To Edit or Not to Edit? - Regulating CRISPR Transnationally.

• Date: 01 November 2020
• Author: Potter, Ann

TABLE OF CONTENTS I. WHY WE NEED BETTER CRISPR REGULATIONS 1728 II. WHAT IS CRISPR AND WHY SHOULD WE REGULATE IT? 1732 A. Origins of Gene Editing Indicate the Need for Regulation 1733 B. The Discovery of CRISPR 1734 C. The Ethics of CRISPR 1736 III. DIFFERENT APPROACHES TO REGULATING CRISPR 1740 A. Existing Transnational Regulations 1741 1. Universal Declaration on the Human Genome and Human Rights 1741 2. International Summit on Human Gene Editing 1744 3. Oviedo Convention 1745 B. Sample Countries 1746 1. The United States: Innovation Leads to Hesitancy 1747 2. The United Kingdom: Flexible but Strong Intervention 1751 3. Japan: Flourishing under Regulatory Reluctance 1754 VI. THE INTERNATIONAL GENE-EDITING ETHICS COMMISSION 1757 A. The Incentives: Information and Funding 1759 B. The Purpose: Ethical Advancement of Gene Editing 1760 C. Practicality 1762 V. CONCLUSION 1763 I. WHY WE NEED BETTER CRISPR REGULATIONS

In the fall of 2018, Chinese scientist Dr.
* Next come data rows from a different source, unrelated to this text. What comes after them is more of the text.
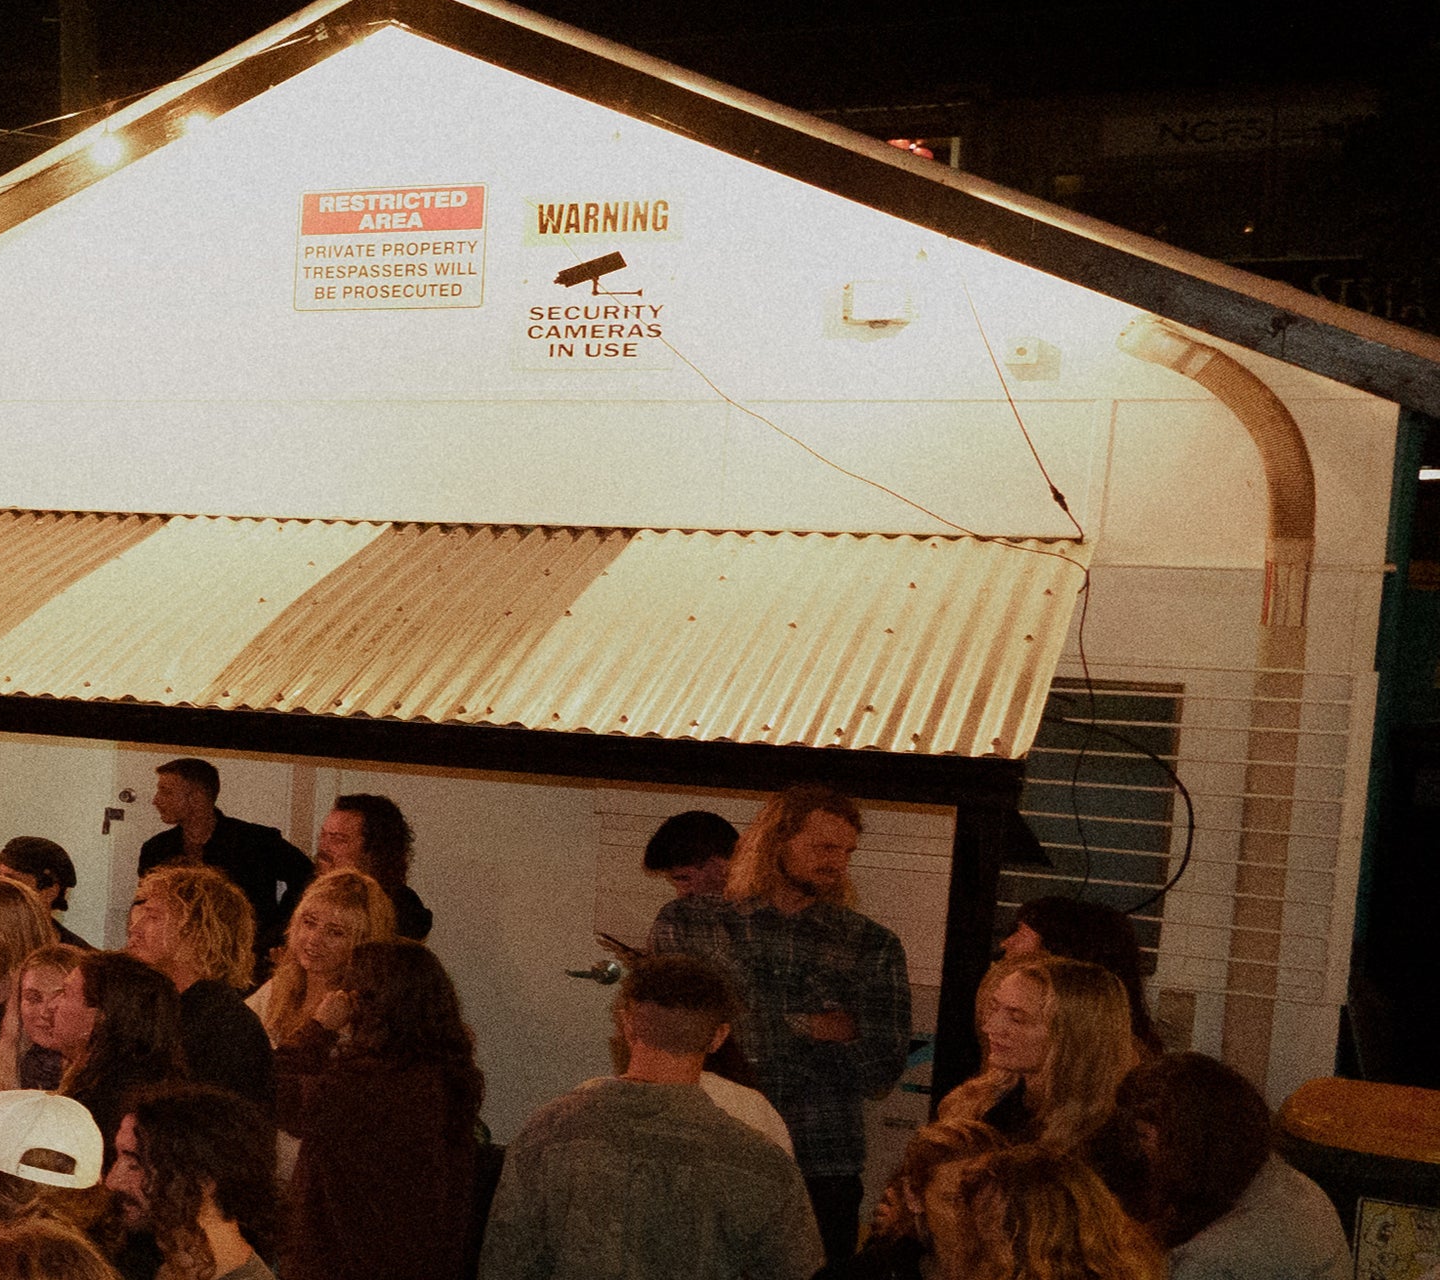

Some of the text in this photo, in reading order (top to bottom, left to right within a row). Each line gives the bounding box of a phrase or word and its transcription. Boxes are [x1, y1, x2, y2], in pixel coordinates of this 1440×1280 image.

[318, 189, 468, 213] RESTRICTED
[358, 211, 424, 231] AREA
[537, 199, 670, 235] WARNING
[304, 240, 479, 260] PRIVATE PROPERTY
[302, 261, 477, 280] TRESPASSERS WILL
[314, 282, 463, 300] BE PROSECUTED
[528, 304, 665, 321] SECURITY
[526, 322, 663, 339] CAMERAS
[548, 342, 639, 358] IN USE
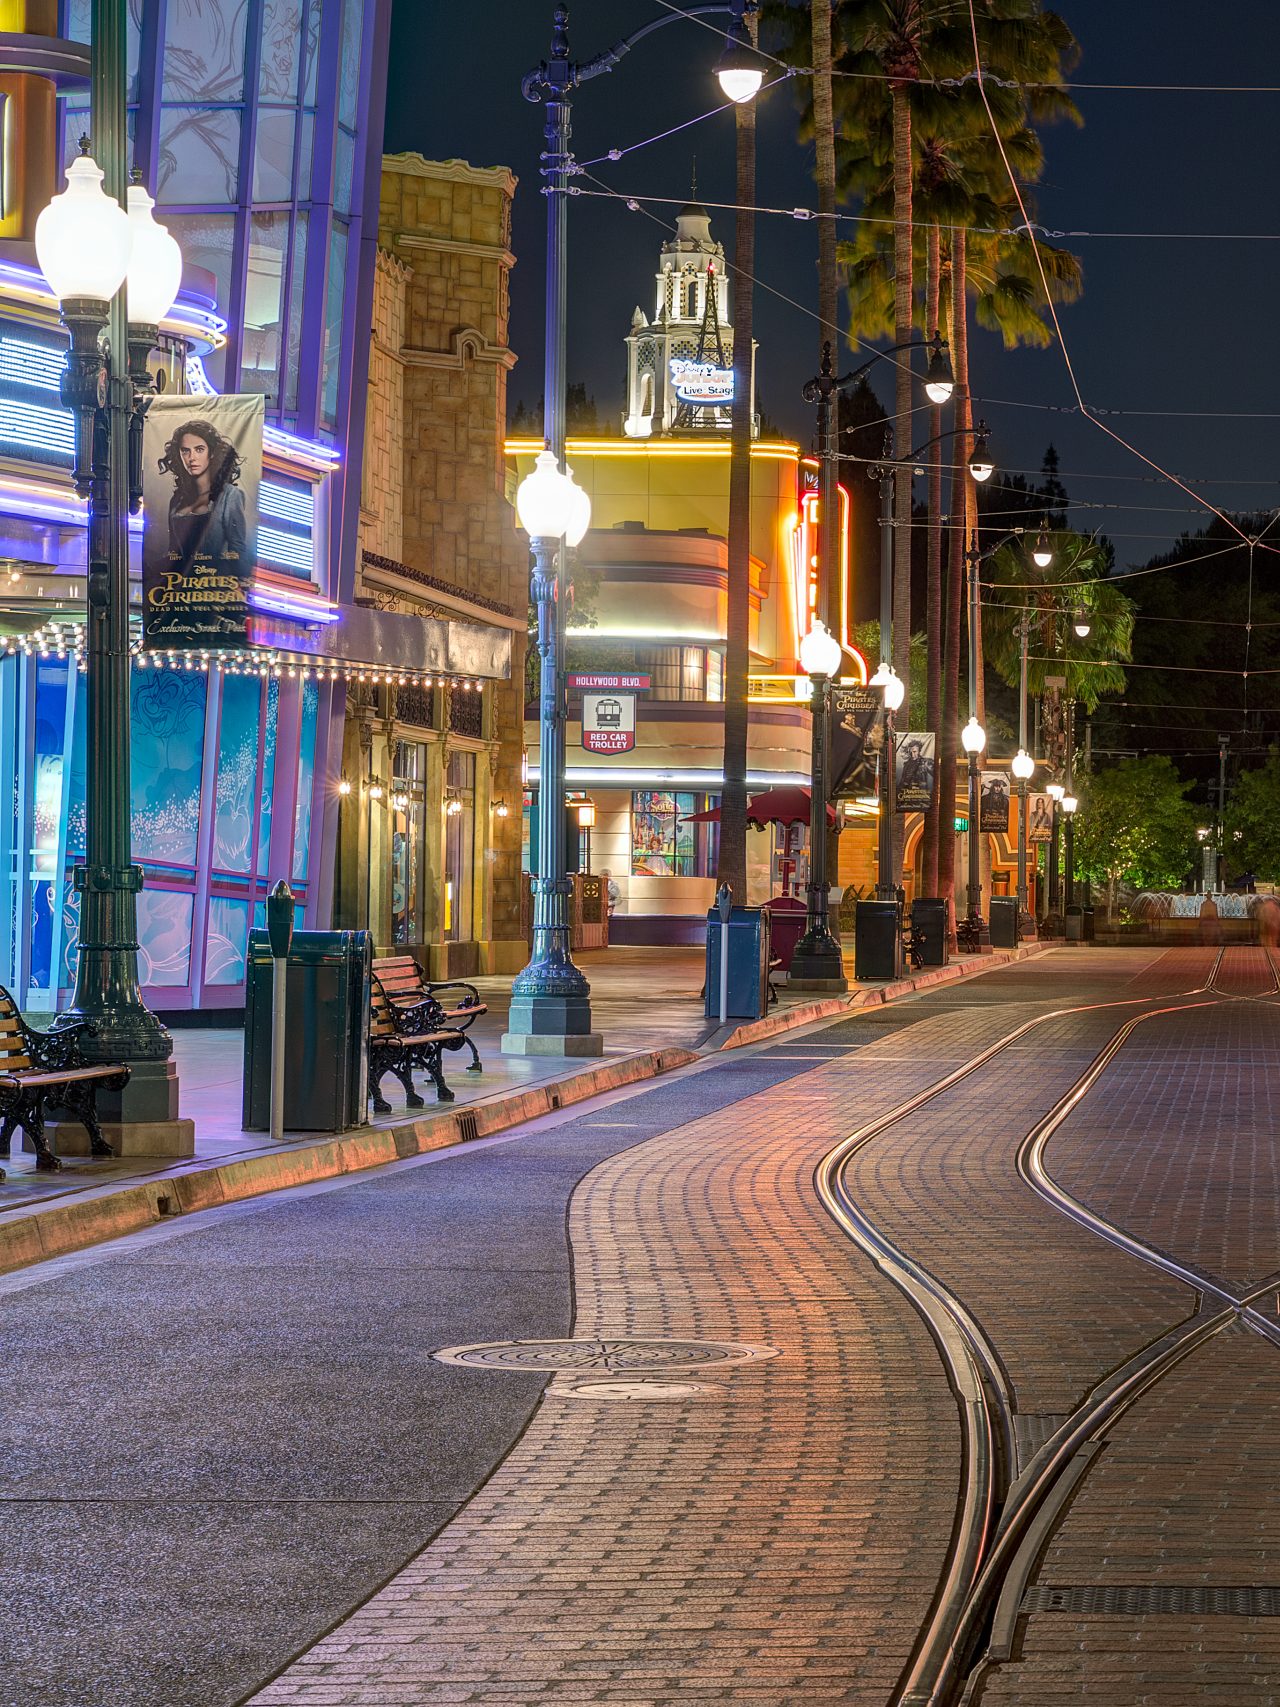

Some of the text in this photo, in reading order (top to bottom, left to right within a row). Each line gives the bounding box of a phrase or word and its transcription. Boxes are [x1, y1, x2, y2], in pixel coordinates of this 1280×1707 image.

[684, 386, 703, 395] Live
[193, 565, 218, 575] Disney
[160, 572, 239, 591] PIRATES
[148, 586, 249, 606] CARIBBEAN
[146, 617, 192, 635] Exclusive
[575, 676, 641, 687] HOLLYWOOD BLVD.
[590, 733, 627, 741] RED CAR
[589, 741, 628, 749] TROLLEY
He Jiankui announced that he edited the genes of human embryonic cells for the first time in history, and that the mother had given birth to the babies already. (1) Dr. He inserted CRISPR/Cas-9 (Clustered Regularly Interspaced Short Palindromic Repeats/CRISPR-associated protein 9) into germline cells, in order to naturally immunize the babies to human immunodeficiency virus (HIV (7)). (2) Once the embryonic cells received the vector, they were then placed in the mother via in vitro fertilization. (3) Nine months later, Dr. He announced his feat, propelling the global community into the germline-editing era without its permission. (4)
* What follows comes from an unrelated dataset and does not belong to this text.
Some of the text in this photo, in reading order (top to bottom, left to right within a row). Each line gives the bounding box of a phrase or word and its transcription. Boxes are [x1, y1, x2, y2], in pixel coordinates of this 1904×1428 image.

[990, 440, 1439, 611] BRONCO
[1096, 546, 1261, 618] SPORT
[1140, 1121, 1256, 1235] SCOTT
In 2015, before this groundbreaking announcement, the scientific communities of the United States, the United Kingdom, and China decided to meet for the first International Summit on Human Gene Editing in Washington, DC to hash out guiding principles for gene-editing technologies. (5) After several conferences and lengthy discussions among the lawyers, scientific leaders, and other international scholars, the Summit released its first statement on the issue of gene editing in clinical trials. (6) The Summit affirmed the need for meticulous preclinical research, approved clinical trials involving the editing of somatic cells under the existing regulatory framework, and firmly prohibited gene editing on germline cells until further notice. (7) The Committee emphasized that it was crucial to continue meeting to readdress the global scientific standards it had been charged with overseeing. (8)

The second International Summit met in Hong Kong in November of 2018 with quite a different tone. (9) At this summit, Dr. He announced his clinical trial and the birth of the twins. (10) While the Committee did not approve of Dr. He's experiment and he received three years in prison for it, the Committee understood that the gene editing of germline cells was a reality that needed to be addressed quickly and globally. (11)
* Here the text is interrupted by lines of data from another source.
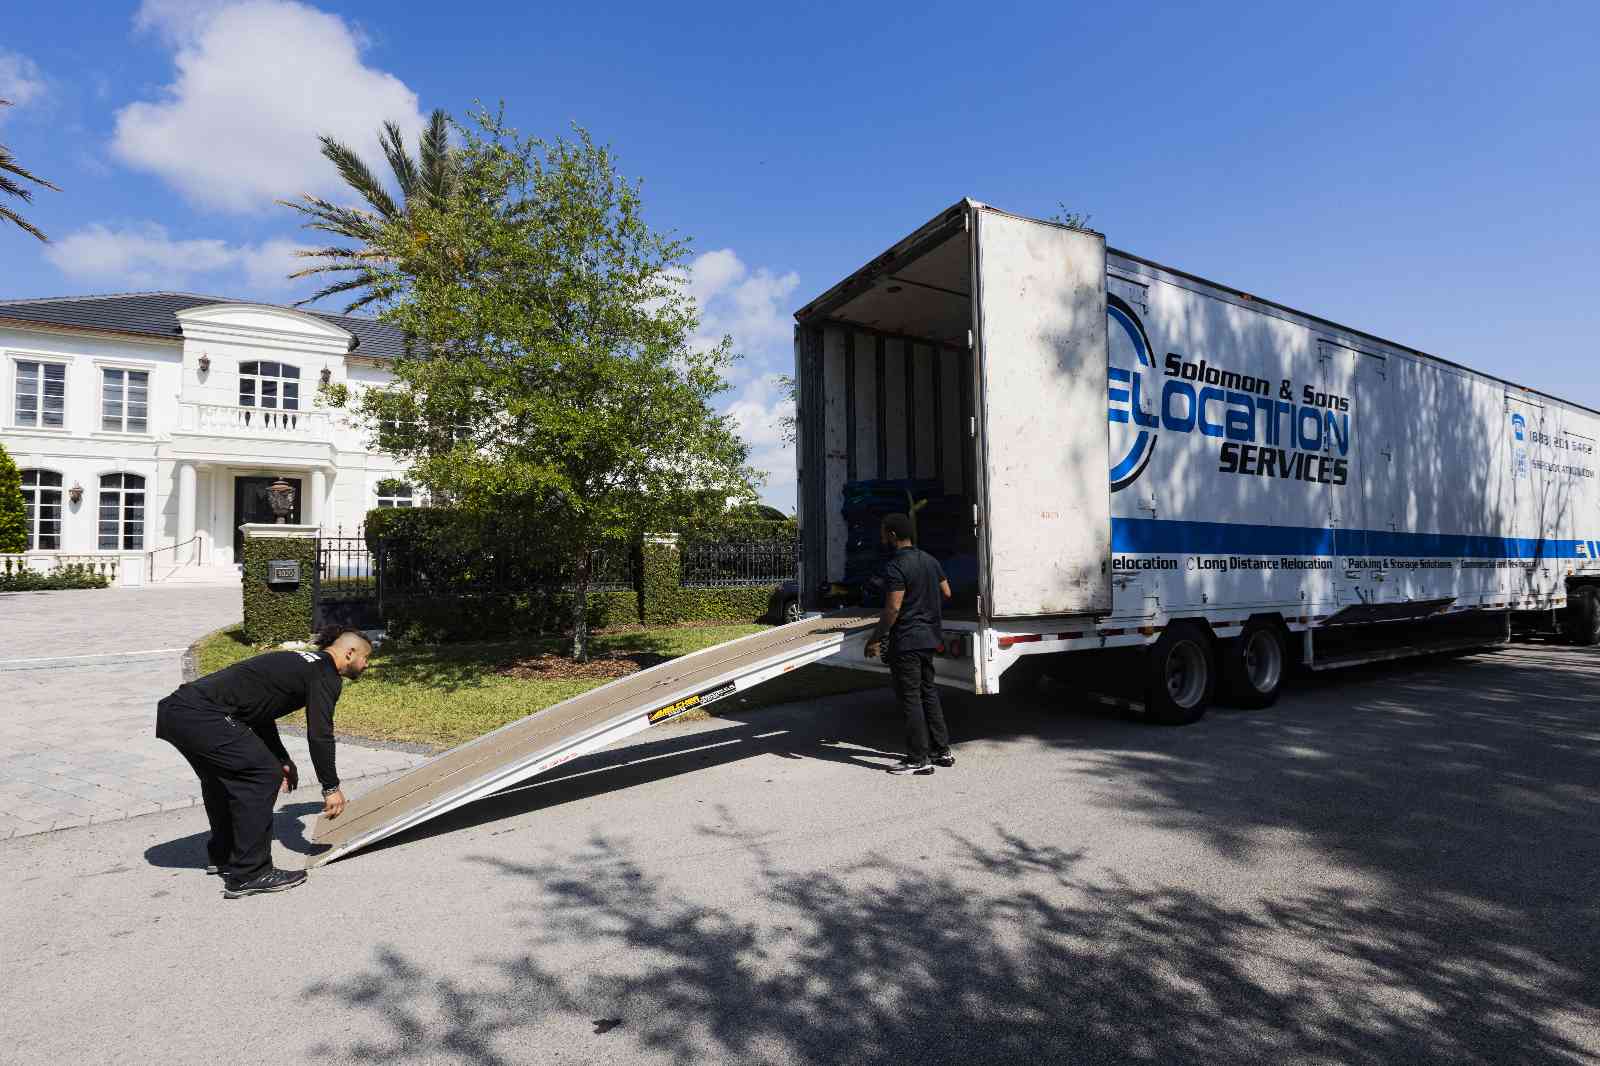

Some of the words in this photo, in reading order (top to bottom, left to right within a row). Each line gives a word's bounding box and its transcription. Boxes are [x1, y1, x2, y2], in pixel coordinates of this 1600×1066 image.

[1164, 352, 1270, 396] Solomon
[1279, 379, 1293, 401] &
[1301, 384, 1349, 412] Sons
[1218, 441, 1348, 486] SERVICES
[1112, 556, 1178, 570] elocation
[1197, 557, 1227, 573] Long
[1230, 556, 1279, 570] Distance
[1281, 557, 1333, 570] Relocation
[1348, 558, 1382, 571] Packing
[1419, 558, 1452, 569] Solutis
By way of background, scientists divide gene editing into two broad categories: somatic cell editing and germline cell editing. (12) Somatic, literally meaning "of the body," refers to the living cells of humans, whereas germline cells are reproductive cells. (13) Modifying the somatic cells of a human corrects an inheritable gene in that person only; the modifications will not be inheritable because those cells will not be used in reproduction. (14) Germline cell modification, meaning modifications of the cells used to reproduce, will affect the human genome permanently because changes in those cells are inheritable. (15)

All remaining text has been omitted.